What to work on - Would you transcribe the line that holds "this 1344×1512 image.", plus every line beneath it through the end of the data, exactly and with nothing added?

Stored data entries
================

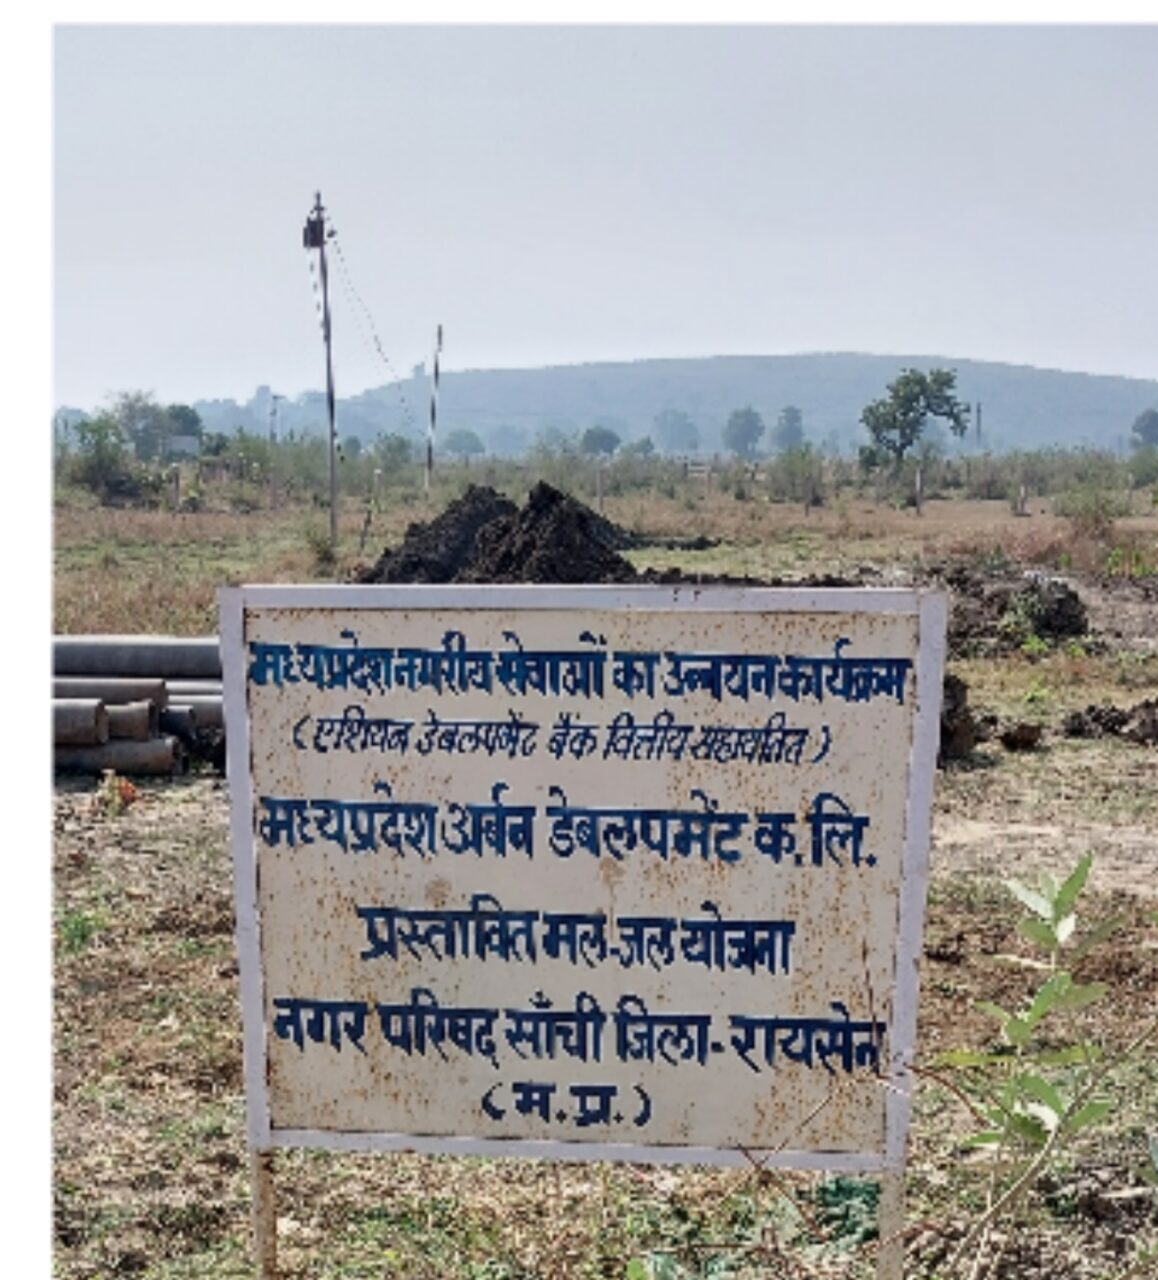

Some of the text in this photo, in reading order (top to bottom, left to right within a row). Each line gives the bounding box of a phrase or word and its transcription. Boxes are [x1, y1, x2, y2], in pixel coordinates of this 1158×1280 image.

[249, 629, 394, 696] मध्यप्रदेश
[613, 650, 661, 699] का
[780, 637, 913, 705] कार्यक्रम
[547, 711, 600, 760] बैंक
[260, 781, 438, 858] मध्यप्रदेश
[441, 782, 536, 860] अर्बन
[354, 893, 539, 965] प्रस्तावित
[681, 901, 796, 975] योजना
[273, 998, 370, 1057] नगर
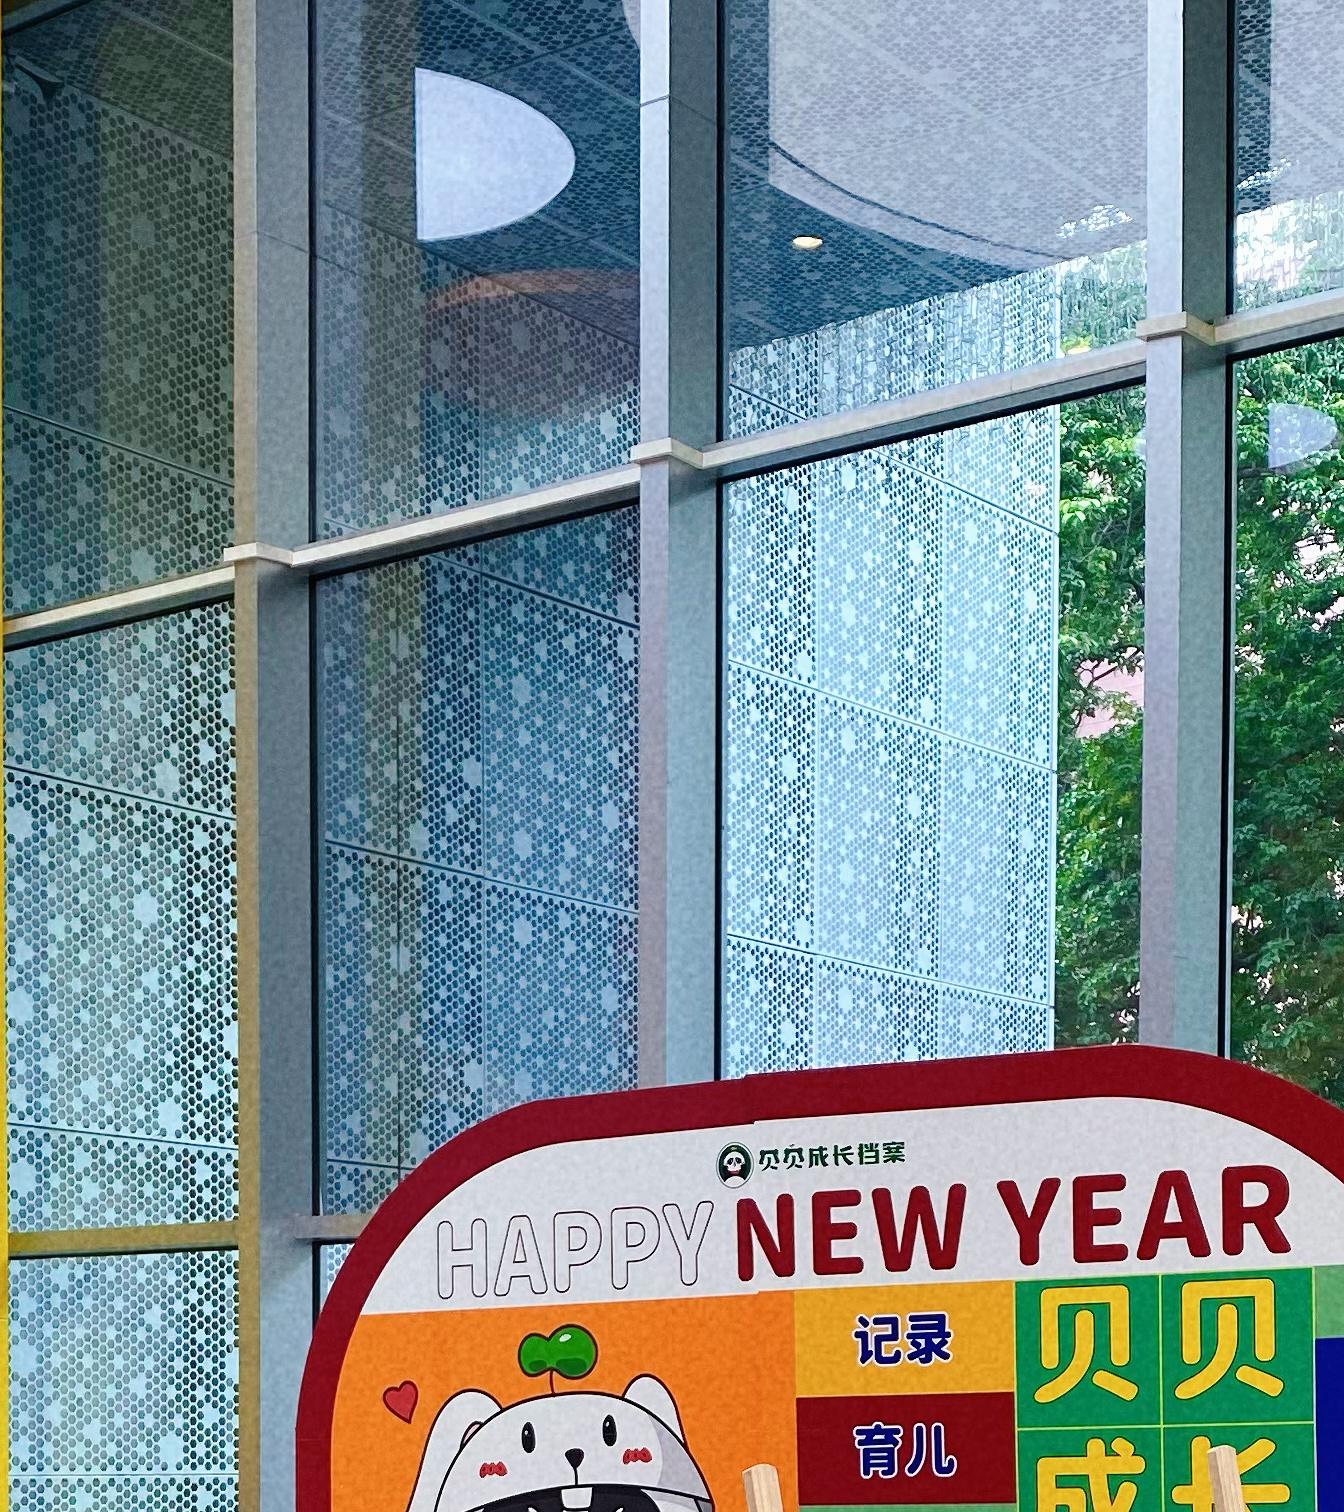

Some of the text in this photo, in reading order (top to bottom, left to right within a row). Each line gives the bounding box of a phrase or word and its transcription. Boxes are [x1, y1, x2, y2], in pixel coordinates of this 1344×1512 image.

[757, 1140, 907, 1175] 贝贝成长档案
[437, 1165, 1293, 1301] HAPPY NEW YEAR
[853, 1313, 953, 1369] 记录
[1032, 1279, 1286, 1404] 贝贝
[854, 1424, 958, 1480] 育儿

================

Exercise result -
Some of the text in this photo, in reading order (top to bottom, left to right within a row). Each line gives the bounding box of a phrase or word and its transcription. Boxes are [x1, y1, x2, y2], in pixel coordinates of this 1344×1512 image.

[757, 1140, 907, 1175] 贝贝成长档案
[437, 1165, 1293, 1301] HAPPY NEW YEAR
[853, 1313, 953, 1369] 记录
[1032, 1279, 1286, 1404] 贝贝
[854, 1424, 958, 1480] 育儿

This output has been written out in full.